Exact repetition, pictures omitted: give every record below again.

Annotated photo localization data:

=====

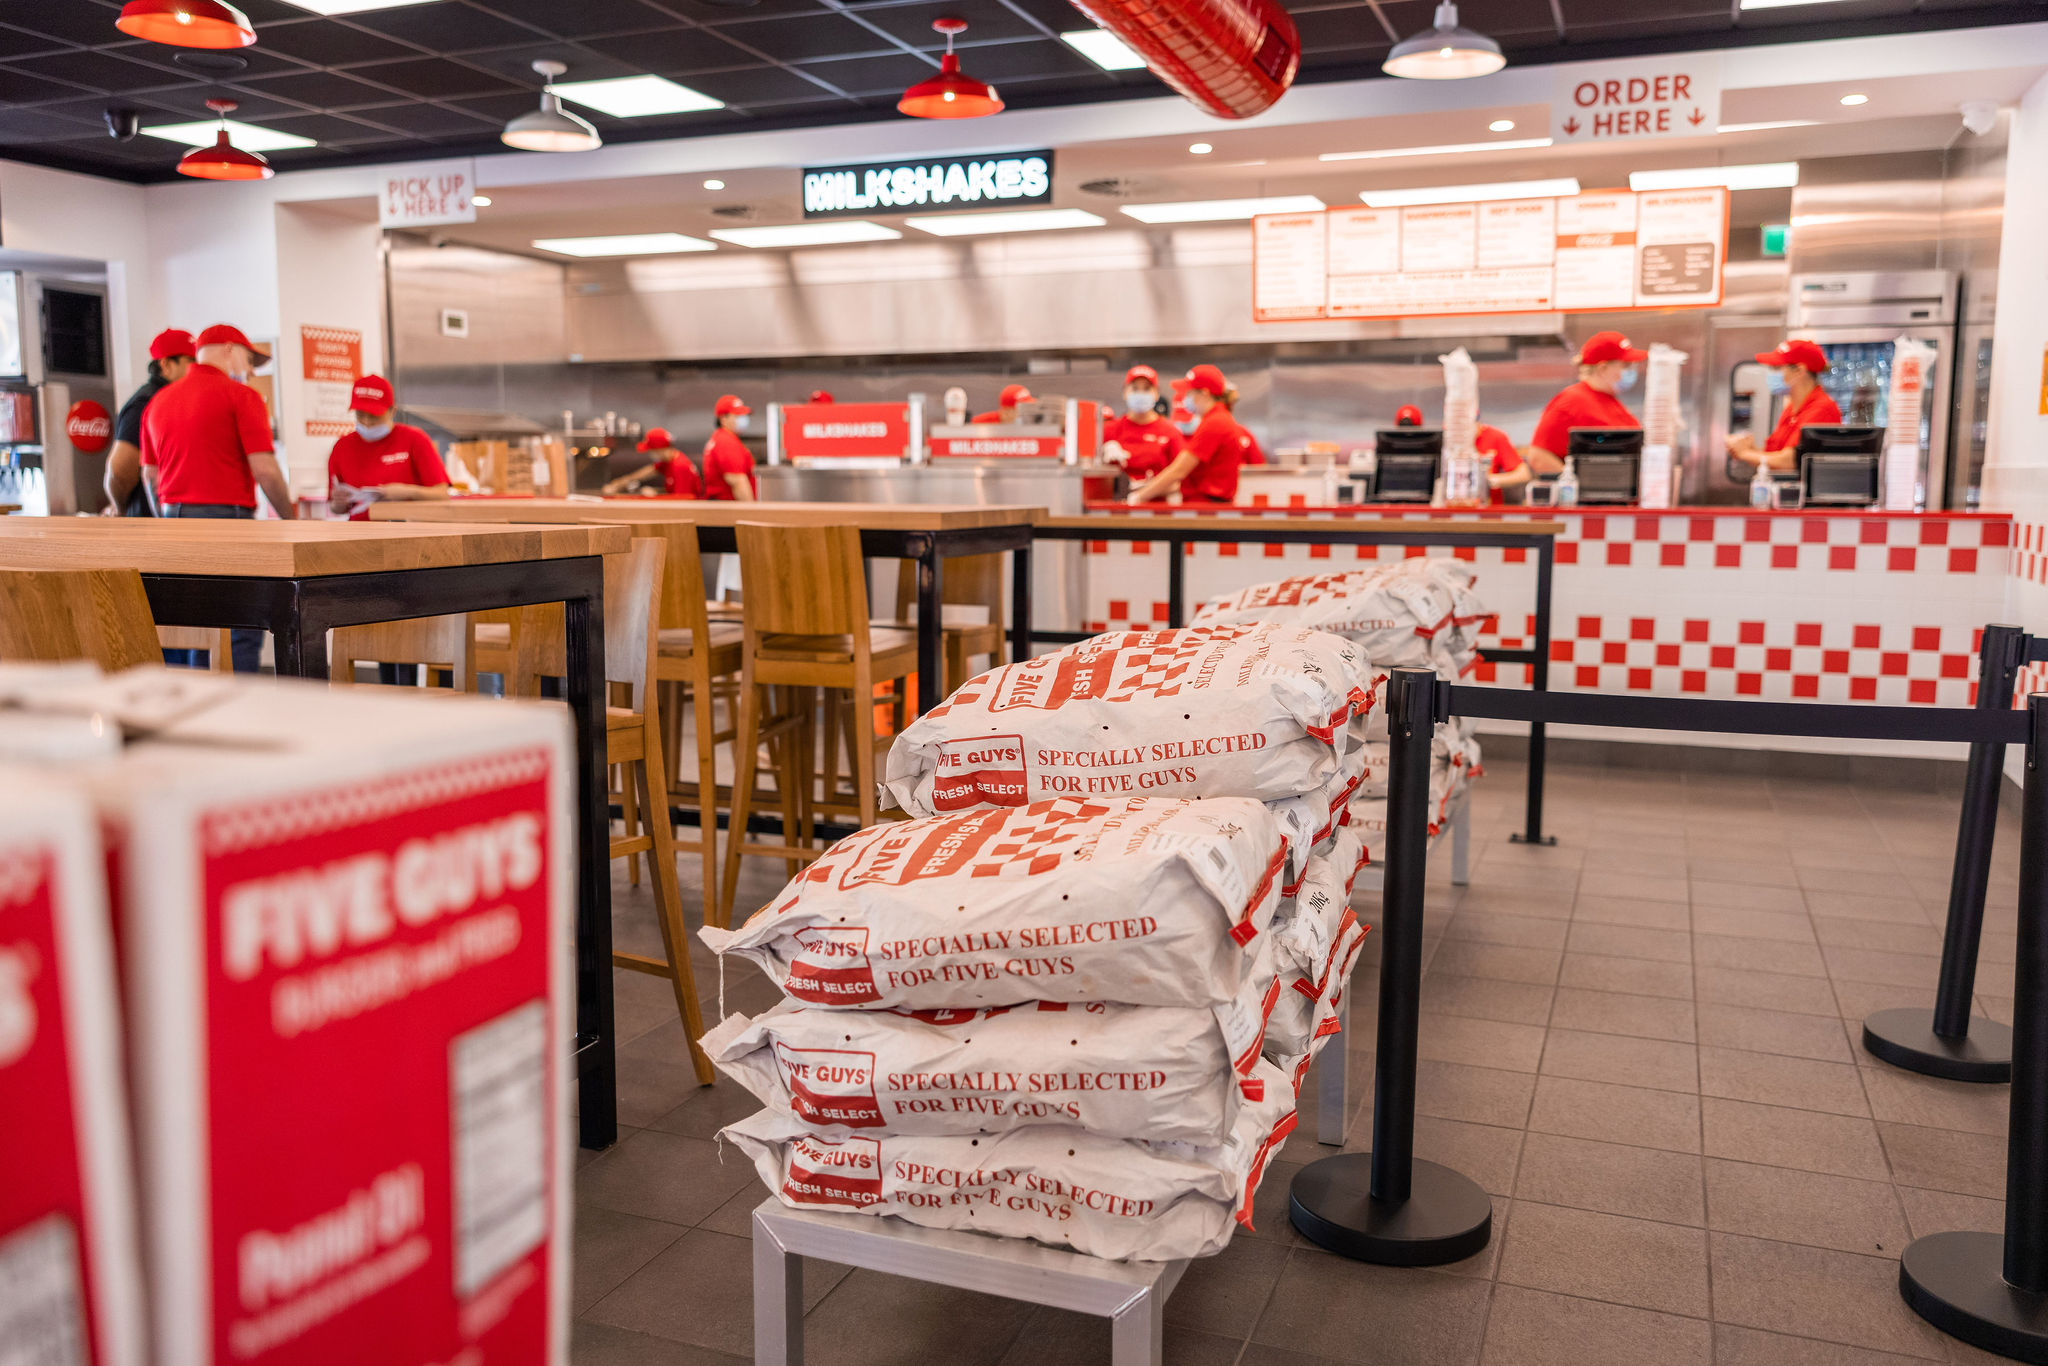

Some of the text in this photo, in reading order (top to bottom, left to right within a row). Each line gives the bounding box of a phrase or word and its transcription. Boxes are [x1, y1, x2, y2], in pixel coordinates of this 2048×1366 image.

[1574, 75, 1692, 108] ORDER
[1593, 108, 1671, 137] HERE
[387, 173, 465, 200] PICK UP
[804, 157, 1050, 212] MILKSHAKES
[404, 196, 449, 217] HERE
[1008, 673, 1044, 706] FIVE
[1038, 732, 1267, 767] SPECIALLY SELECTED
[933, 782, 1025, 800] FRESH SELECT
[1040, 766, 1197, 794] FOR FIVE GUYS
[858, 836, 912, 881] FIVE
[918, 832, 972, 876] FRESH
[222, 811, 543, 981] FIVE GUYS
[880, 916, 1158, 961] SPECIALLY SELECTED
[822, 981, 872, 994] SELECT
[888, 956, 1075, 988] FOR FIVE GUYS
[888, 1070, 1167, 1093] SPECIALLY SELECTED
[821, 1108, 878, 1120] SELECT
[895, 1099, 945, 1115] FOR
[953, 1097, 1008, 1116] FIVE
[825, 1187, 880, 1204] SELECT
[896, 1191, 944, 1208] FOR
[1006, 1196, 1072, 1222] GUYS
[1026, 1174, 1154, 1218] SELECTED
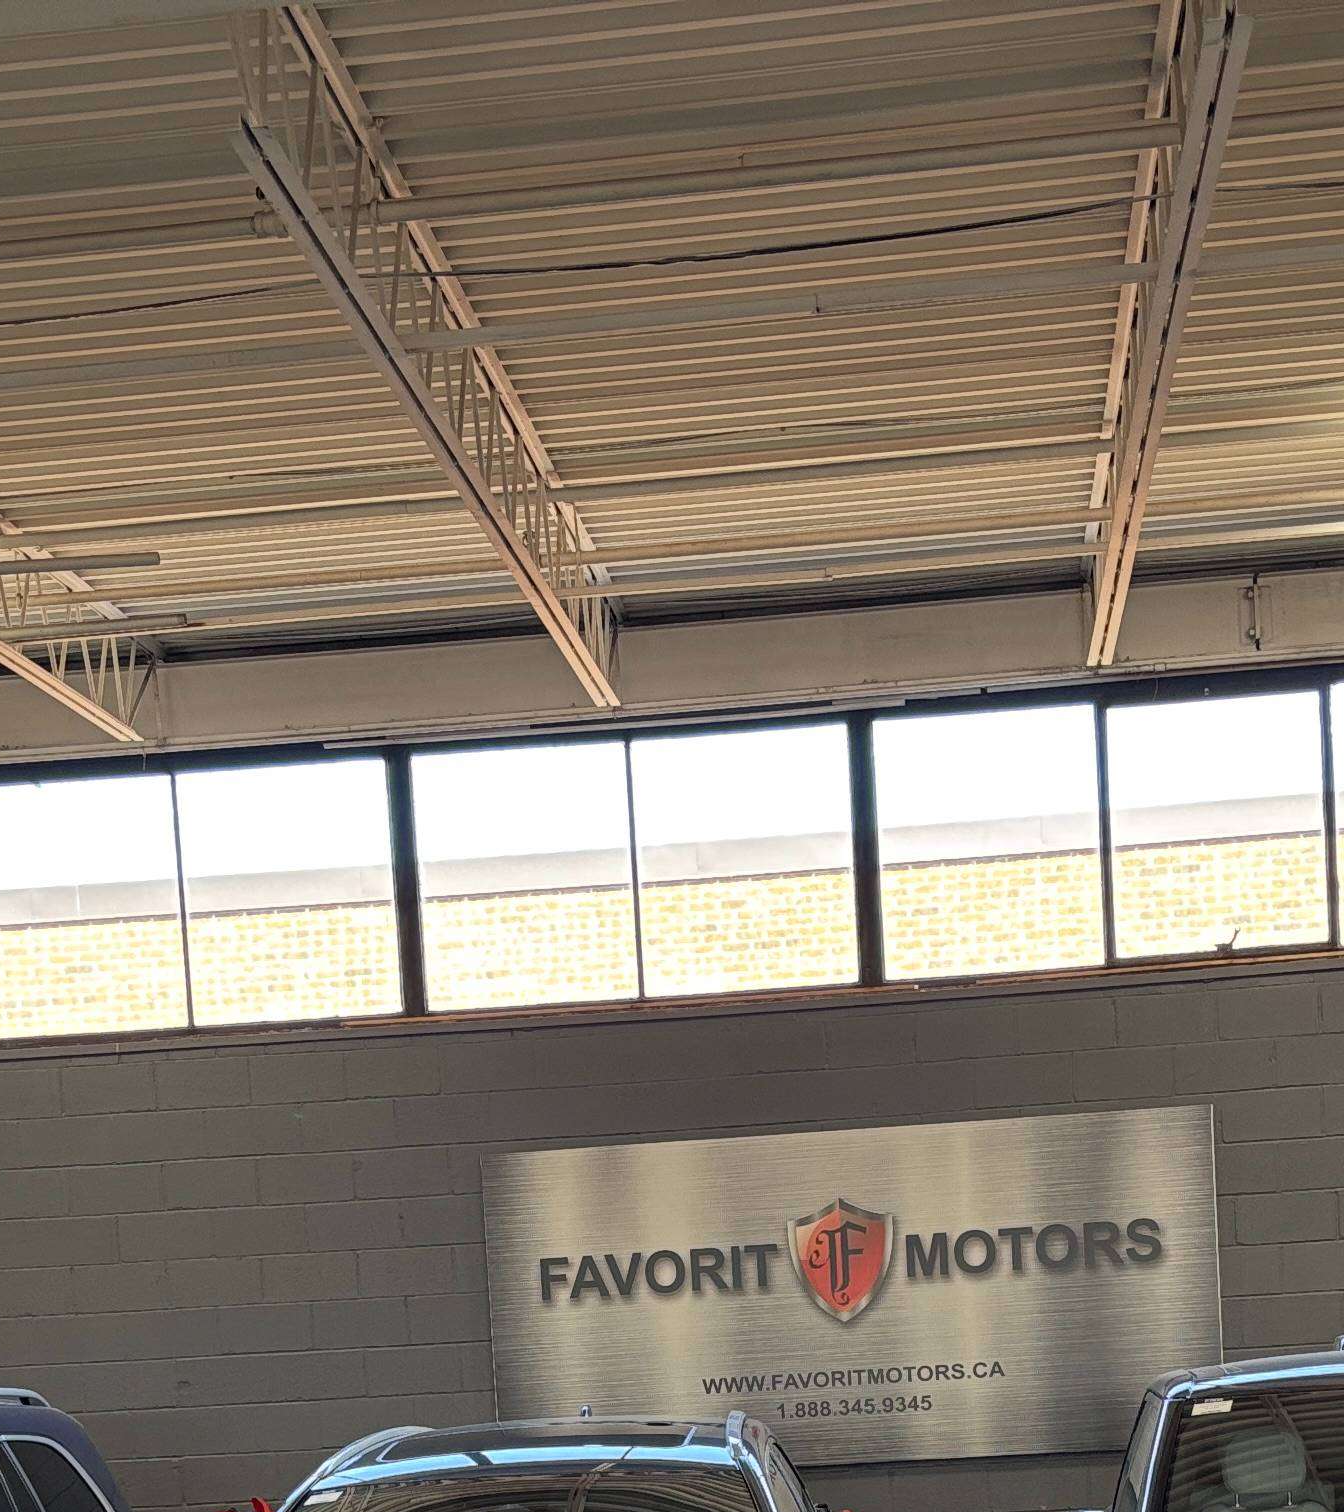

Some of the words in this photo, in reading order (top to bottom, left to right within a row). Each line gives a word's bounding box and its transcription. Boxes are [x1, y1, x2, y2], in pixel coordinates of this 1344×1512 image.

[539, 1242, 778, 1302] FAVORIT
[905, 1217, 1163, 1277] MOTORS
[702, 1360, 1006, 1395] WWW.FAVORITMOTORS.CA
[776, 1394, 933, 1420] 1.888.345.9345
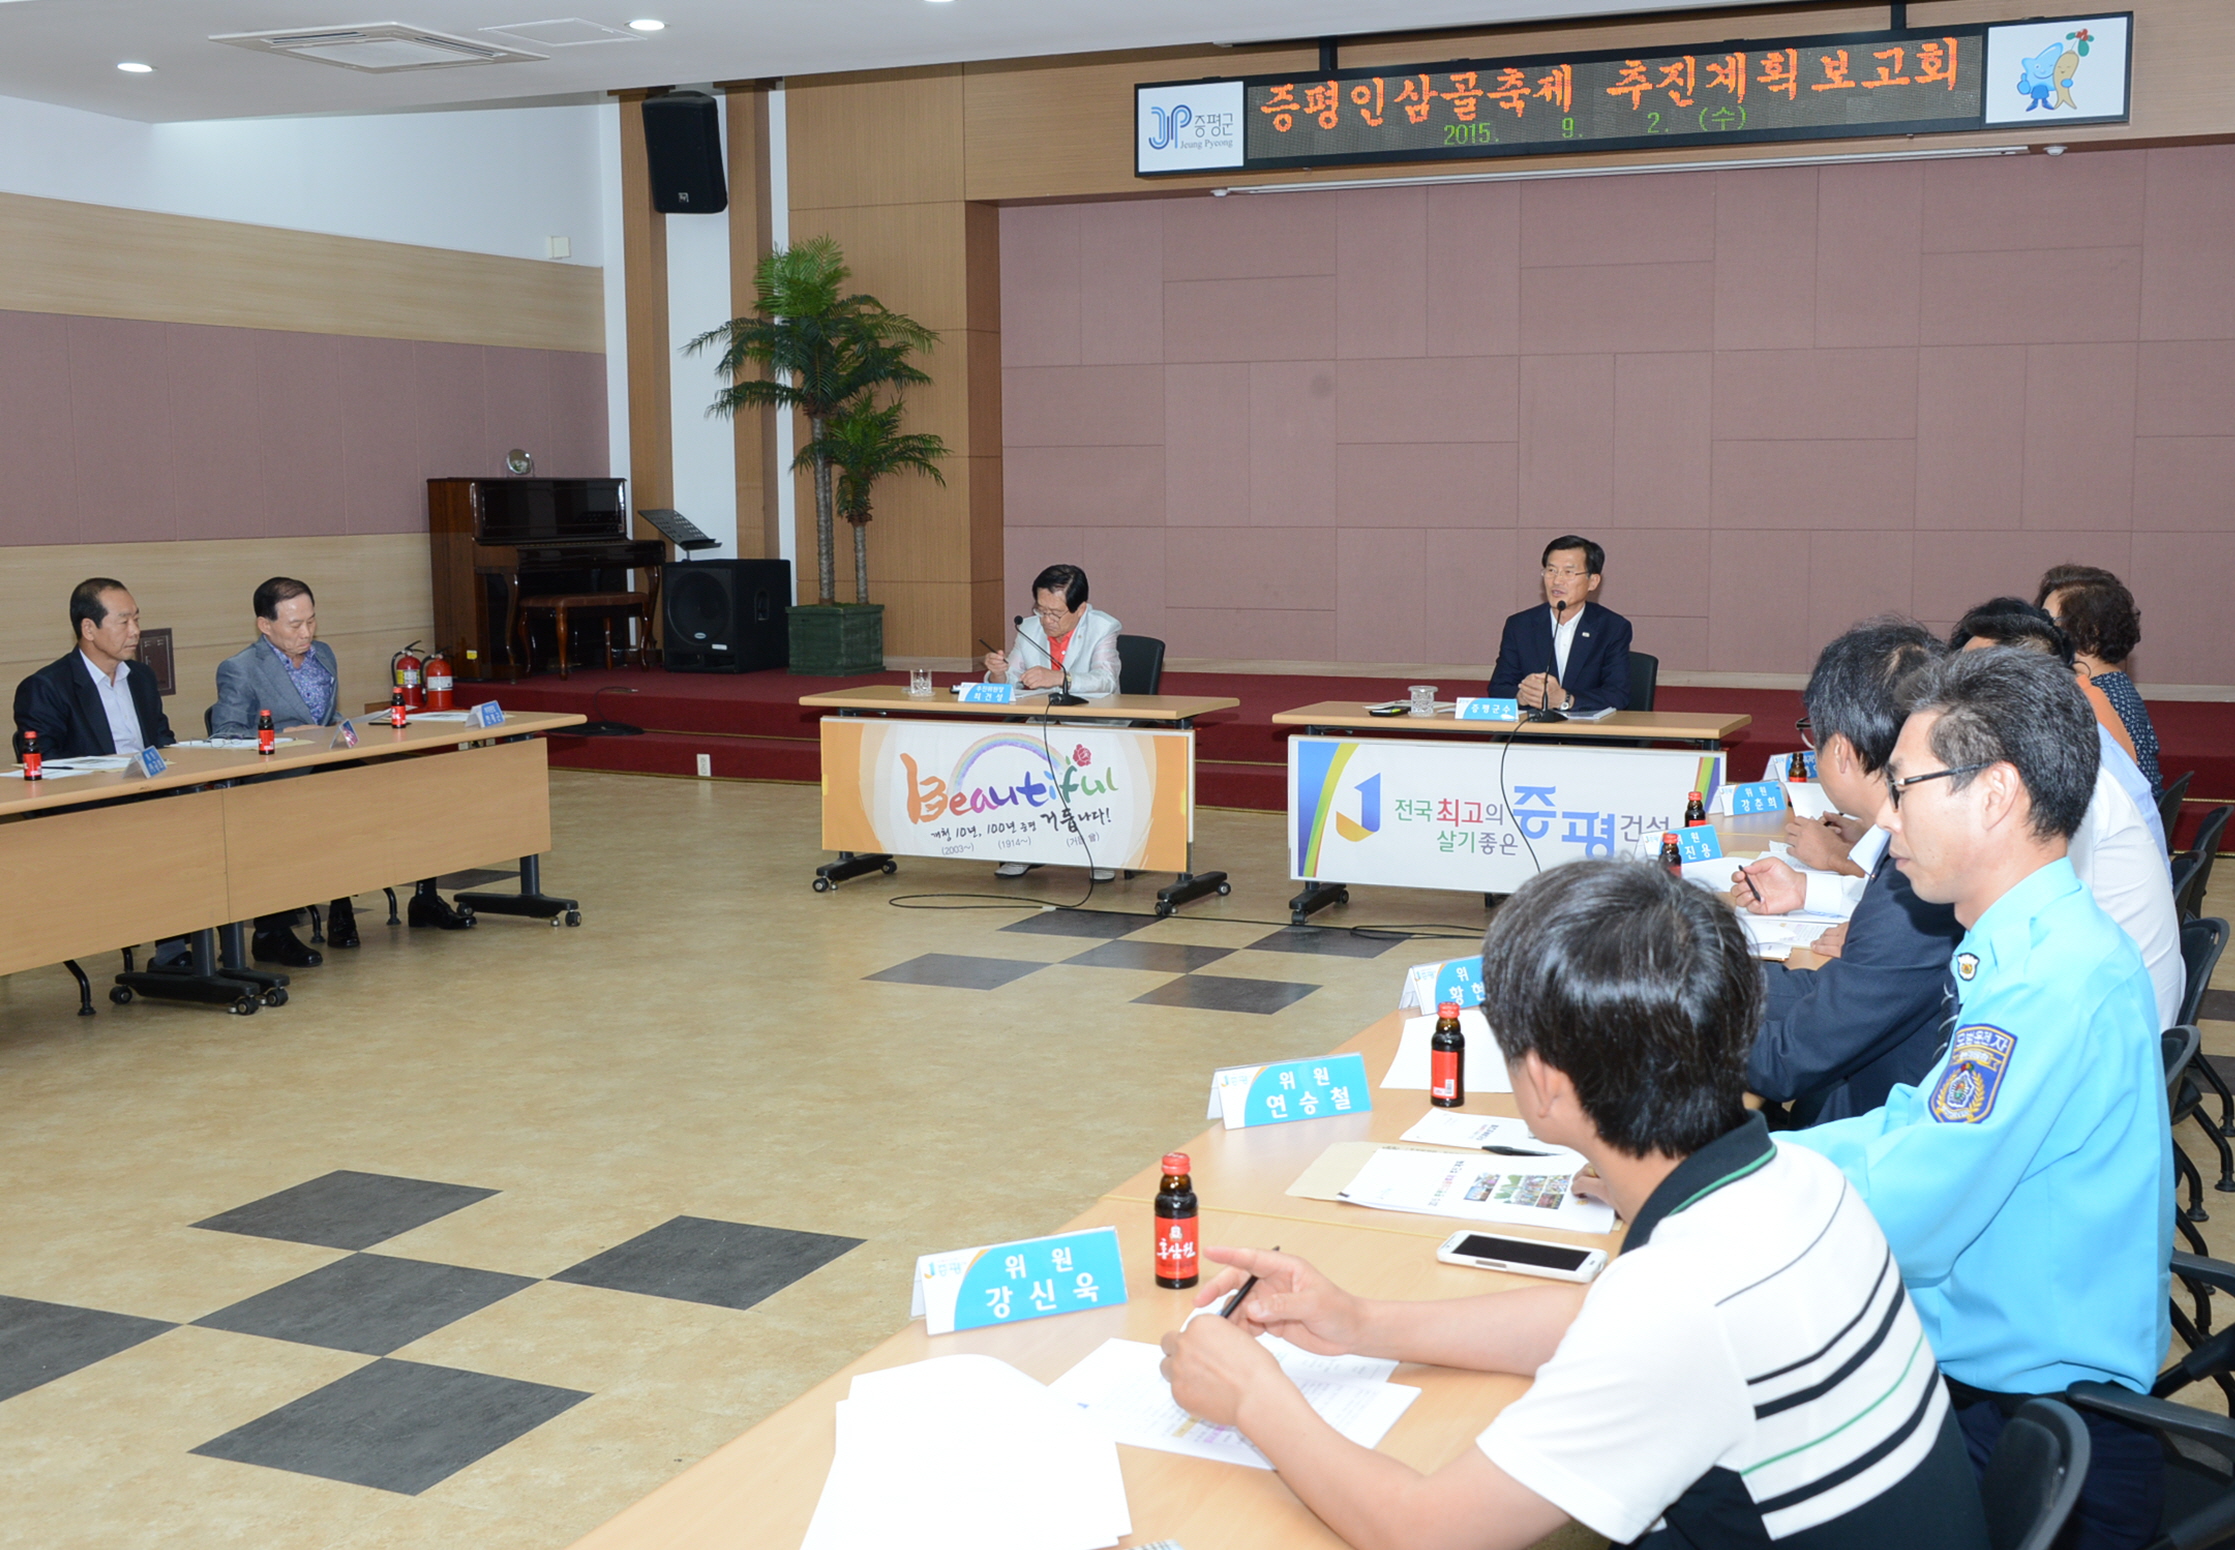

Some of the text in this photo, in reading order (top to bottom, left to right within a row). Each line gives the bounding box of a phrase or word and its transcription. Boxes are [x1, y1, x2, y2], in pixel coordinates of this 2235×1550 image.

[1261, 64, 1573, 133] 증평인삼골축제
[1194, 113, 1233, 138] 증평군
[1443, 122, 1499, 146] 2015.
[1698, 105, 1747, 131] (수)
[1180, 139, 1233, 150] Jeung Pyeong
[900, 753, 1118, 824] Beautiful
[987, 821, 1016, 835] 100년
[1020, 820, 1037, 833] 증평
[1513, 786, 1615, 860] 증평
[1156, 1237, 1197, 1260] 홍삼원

=====

Solution to this exercise:
Some of the text in this photo, in reading order (top to bottom, left to right within a row). Each line gives the bounding box of a phrase or word and its transcription. Boxes are [x1, y1, x2, y2], in pixel coordinates of this 2048×1366 image.

[1574, 75, 1692, 108] ORDER
[1593, 108, 1671, 137] HERE
[387, 173, 465, 200] PICK UP
[804, 157, 1050, 212] MILKSHAKES
[404, 196, 449, 217] HERE
[1008, 673, 1044, 706] FIVE
[1038, 732, 1267, 767] SPECIALLY SELECTED
[933, 782, 1025, 800] FRESH SELECT
[1040, 766, 1197, 794] FOR FIVE GUYS
[858, 836, 912, 881] FIVE
[918, 832, 972, 876] FRESH
[222, 811, 543, 981] FIVE GUYS
[880, 916, 1158, 961] SPECIALLY SELECTED
[822, 981, 872, 994] SELECT
[888, 956, 1075, 988] FOR FIVE GUYS
[888, 1070, 1167, 1093] SPECIALLY SELECTED
[821, 1108, 878, 1120] SELECT
[895, 1099, 945, 1115] FOR
[953, 1097, 1008, 1116] FIVE
[825, 1187, 880, 1204] SELECT
[896, 1191, 944, 1208] FOR
[1006, 1196, 1072, 1222] GUYS
[1026, 1174, 1154, 1218] SELECTED

Some of the words in this photo, in reading order (top to bottom, left to right within a row). Each line gives a word's bounding box and its transcription. Boxes are [x1, y1, x2, y2], in pixel coordinates of this 1344×1512 image.

[539, 1242, 778, 1302] FAVORIT
[905, 1217, 1163, 1277] MOTORS
[702, 1360, 1006, 1395] WWW.FAVORITMOTORS.CA
[776, 1394, 933, 1420] 1.888.345.9345

Some of the text in this photo, in reading order (top to bottom, left to right within a row). Each line gives the bounding box of a phrase or word and its transcription. Boxes are [x1, y1, x2, y2], in pixel coordinates of this 2235×1550 image.

[1261, 64, 1573, 133] 증평인삼골축제
[1194, 113, 1233, 138] 증평군
[1443, 122, 1499, 146] 2015.
[1698, 105, 1747, 131] (수)
[1180, 139, 1233, 150] Jeung Pyeong
[900, 753, 1118, 824] Beautiful
[987, 821, 1016, 835] 100년
[1020, 820, 1037, 833] 증평
[1513, 786, 1615, 860] 증평
[1156, 1237, 1197, 1260] 홍삼원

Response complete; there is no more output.